Records supplied:
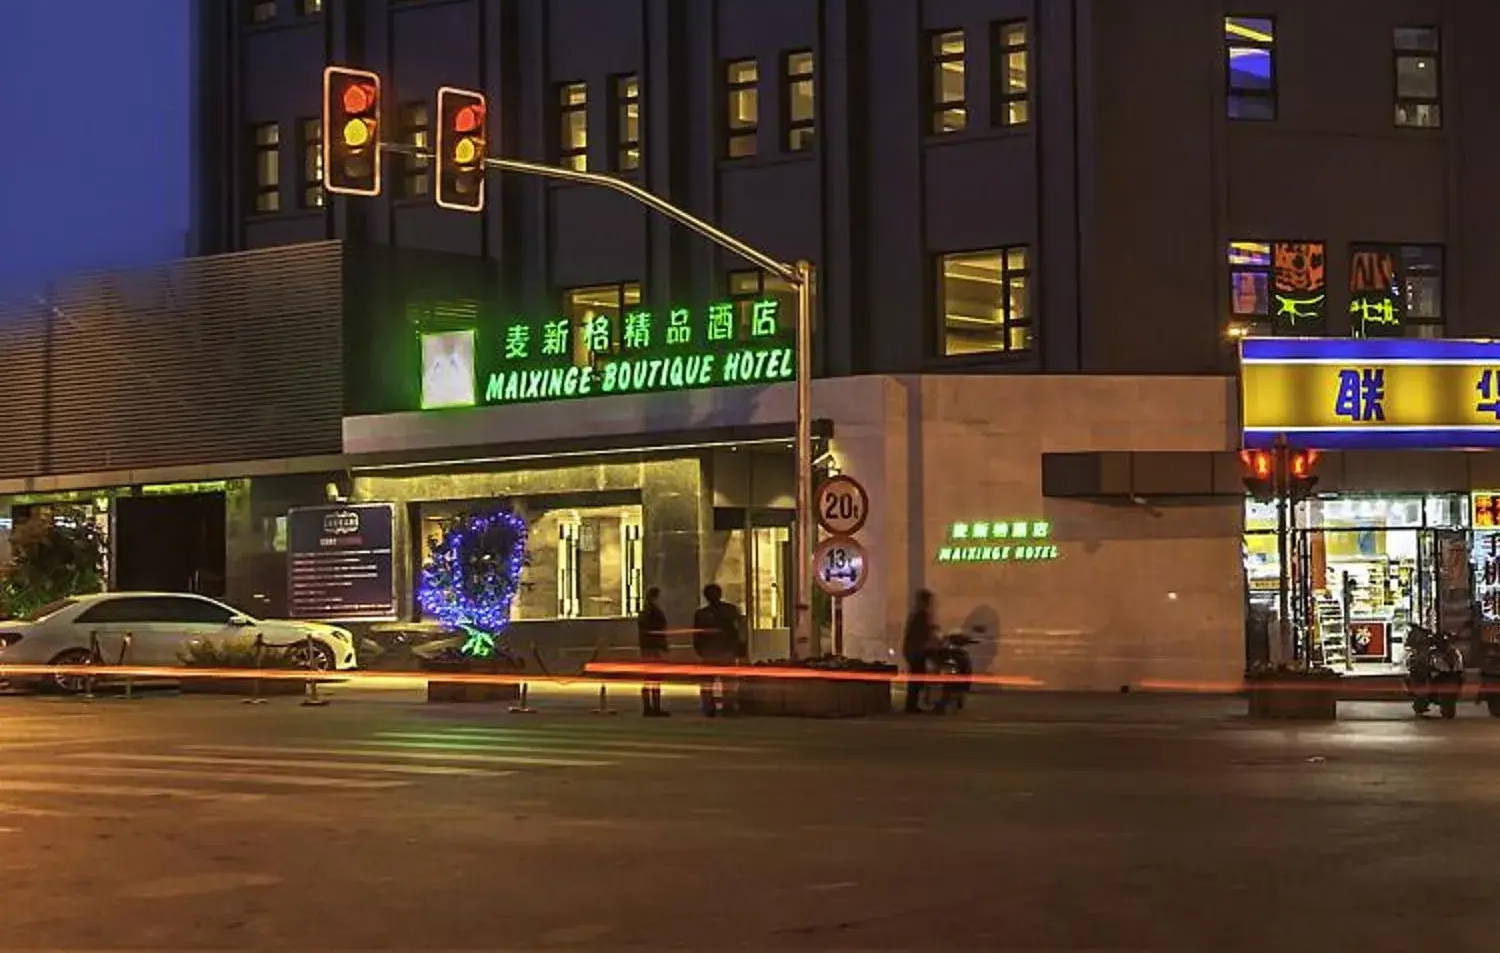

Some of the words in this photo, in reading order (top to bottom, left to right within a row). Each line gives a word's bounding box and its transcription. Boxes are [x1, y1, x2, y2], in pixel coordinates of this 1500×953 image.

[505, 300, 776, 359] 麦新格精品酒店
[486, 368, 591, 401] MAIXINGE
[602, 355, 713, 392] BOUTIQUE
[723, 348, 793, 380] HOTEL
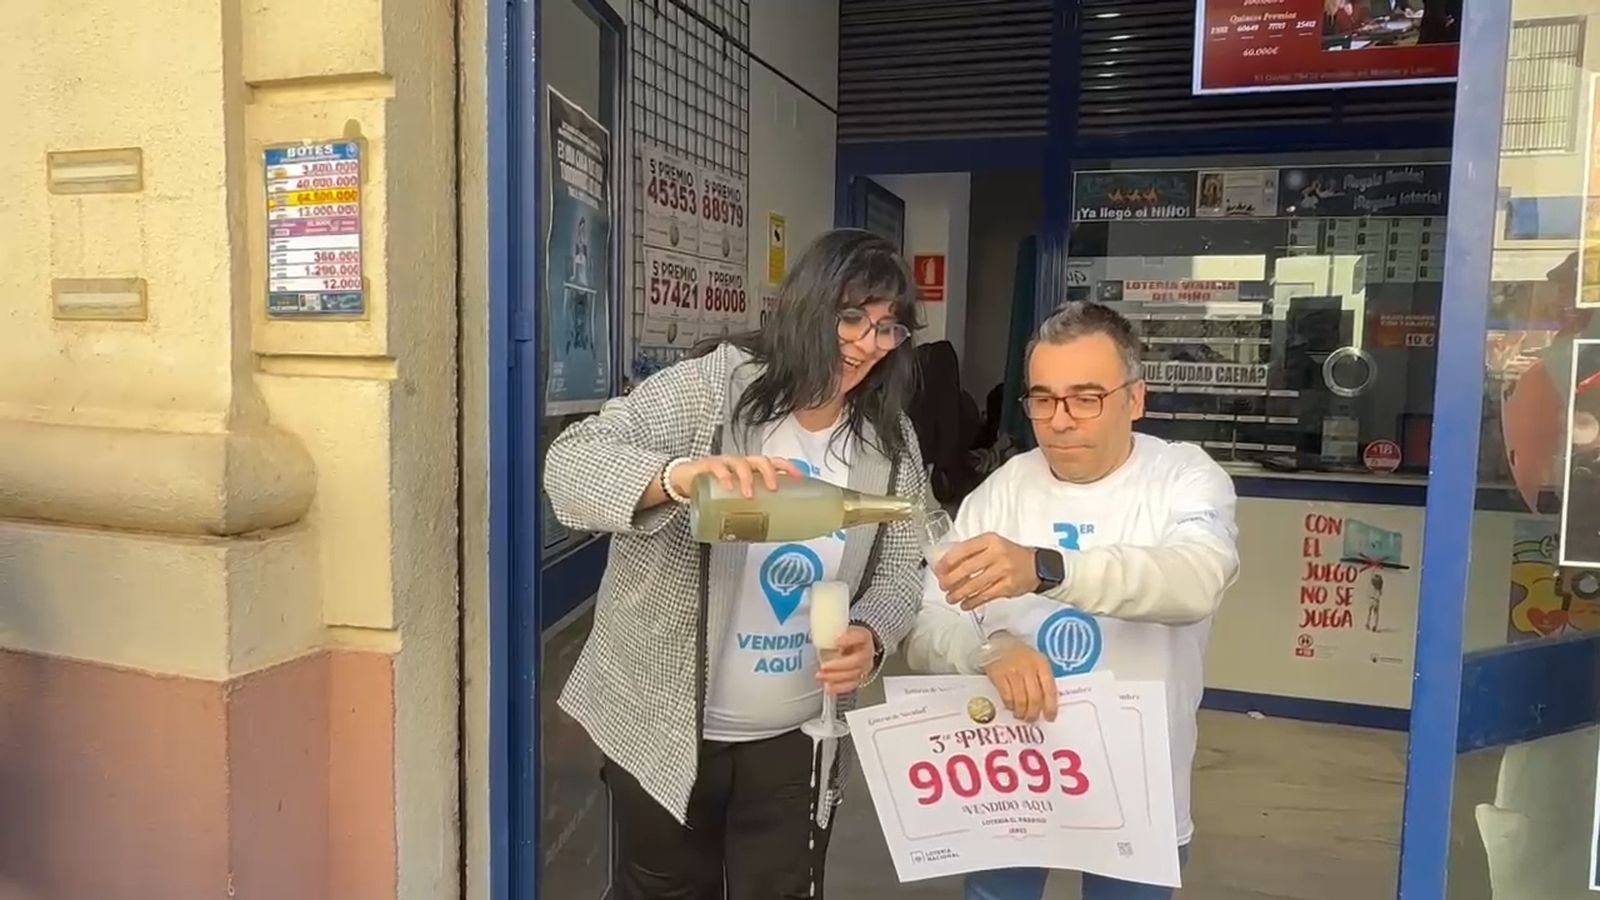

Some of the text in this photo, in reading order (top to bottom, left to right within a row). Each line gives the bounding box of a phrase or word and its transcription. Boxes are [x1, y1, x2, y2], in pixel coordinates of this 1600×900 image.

What to produce:
When you retype the listing above, keep each line exactly as written and drop the pictures.

Expected answer:
Some of the words in this photo, in reading order (top to bottom, left to right within a row). Each line gives a word's bounding box and its transcription. Boxes are [x1, y1, x2, y2], in pixel coordinates of this 1500×953 image.

[505, 300, 776, 359] 麦新格精品酒店
[486, 368, 591, 401] MAIXINGE
[602, 355, 713, 392] BOUTIQUE
[723, 348, 793, 380] HOTEL

Some of the text in this photo, in reading order (top to bottom, left to right within a row). Each line gives the bounding box of a phrase or word and its transcription. Boxes are [x1, y1, x2, y2], in pixel coordinates of this 1600×900 image.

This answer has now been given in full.